Salah satu polemik yang memantik perdebatan publik adalah persoalan pengamanan dan pengelolaan Kebun Binatang Bandung, yang secara historis memiliki keterkaitan dengan warisan Raden Ema Bratakusumah sejak 1933, jauh sebelum Republik Indonesia berdiri. Bagi sebagian kalangan, dinamika yang terjadi bukan sekadar persoalan Birokrasi administratif, tetapi telah masuk pada ranah konflik hak, kewenangan, dan tafsir hukum yang tadinya tidak ada persoalan lalu diciptakan untuk orkestrasi mafioso.
Pengamat politik sekaligus Direktur Eksekutif Lembaga Kajian Studi Masyarakat dan Negara (LAKSAMANA), Samuel F. Silaen, menilai bahwa langkah pengamanan Kebun Binatang Bandung tidak bisa dilepaskan dari konteks politik nasional, terutama setelah arahan Presiden kepada kepala daerah untuk menjaga situs bersejarah dan kebudayaan nasional. Di sisi lain, Wali Kota Bandung Muhammad Farhan menyatakan bahwa langkah tersebut dilakukan demi menjaga aset Pemerintah Kota Bandung serta memastikan kesejahteraan satwa tetap terlindungi. Pernyataan tersebut diperkuat oleh Dirjen KSDAE Prof. Satyawan yang menegaskan bahwa nasib satwa tidak boleh menjadi korban akibat persoalan administratif.
Pertanyaannya, bagaimana publik membaca pernyataan-pernyataan tersebut?
Secara sederhana, masyarakat melihat fakta-fakta berikut:
Pertama, selama puluhan tahun beroperasi, Kebun Binatang Bandung mampu membiayai operasionalnya secara mandiri, menggaji karyawan, merawat satwa, serta menyetorkan pajak tiket kepada Pemerintah Kota Bandung tanpa membebani APBD.
Kedua, dari sejarahnya sejak 1933 memang lahan Kebun Binatang merupakan milik ahli waris dan secara sosial juga ditempati oleh Ahli waris yang mengelola BonBin sampai dengan dipasang police line atas perintah Farhan. Dalam catatan sebelumnya, terdapat Legal Opinion Kejaksaan yang menyatakan lahan tersebut bukan milik Pemkot Bandung. Namun, pada Februari 2025 terbit Sertifikat Hak Pakai (SHP) atas nama Pemkot Bandung dengan dasar 13 petok lama dibeli tahun 1920-1930 yang dengan Rupiah ketika NKRI belum merdeka dan lokasi bukan di kawasan Bonbin Bandung. Hal inilah yang kemudian memicu tudingan adanya proses yang dinilai tidak transparan dan cenderung adalah pesanan mafioso sebagaimana marak terjadi karena hukum transaksional dan pejabat perlu backing dana untuk kampanye dan keberlangsungan posisinya.
Ketiga, terjadi dinamika internal di tubuh Yayasan Margasatwa Tamansari (YMT) sebagai pengelola, termasuk perubahan struktur kepengurusan yang berujung pada pemblokiran status yayasan di Kementerian Hukum dengan alasan sengketa.

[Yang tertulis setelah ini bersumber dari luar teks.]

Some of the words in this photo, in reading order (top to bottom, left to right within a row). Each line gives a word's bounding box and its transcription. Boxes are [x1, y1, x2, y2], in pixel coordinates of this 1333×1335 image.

Keempat, rangkaian surat peringatan (SP1 dan SP2) terkait dugaan satwa terlantar serta SP3 terkait izin lahan berujung pada pencabutan izin Lembaga Konservasi YMT oleh Menteri Kehutanan pada 3 Februari 2026.

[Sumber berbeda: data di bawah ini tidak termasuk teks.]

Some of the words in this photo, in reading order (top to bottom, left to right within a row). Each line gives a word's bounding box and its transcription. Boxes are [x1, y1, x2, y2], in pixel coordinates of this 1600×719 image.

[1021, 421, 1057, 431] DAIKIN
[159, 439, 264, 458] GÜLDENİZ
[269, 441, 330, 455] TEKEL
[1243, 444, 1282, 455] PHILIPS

Dalam sudut pandang kritis, sebagian pihak menilai bahwa rangkaian peristiwa tersebut tampak berjalan saling menguatkan satu sama lain. Orkestrasi Mafioso. Namun di sisi lain, Farhan dan Raja Juli Antoni melakukan tindakan yang konon murni bagian dari penegakan regulasi dan tanggung jawab negara dalam melindungi satwa serta aset publik yang baru didapatkannya melalui SHP terbit Februari 2025.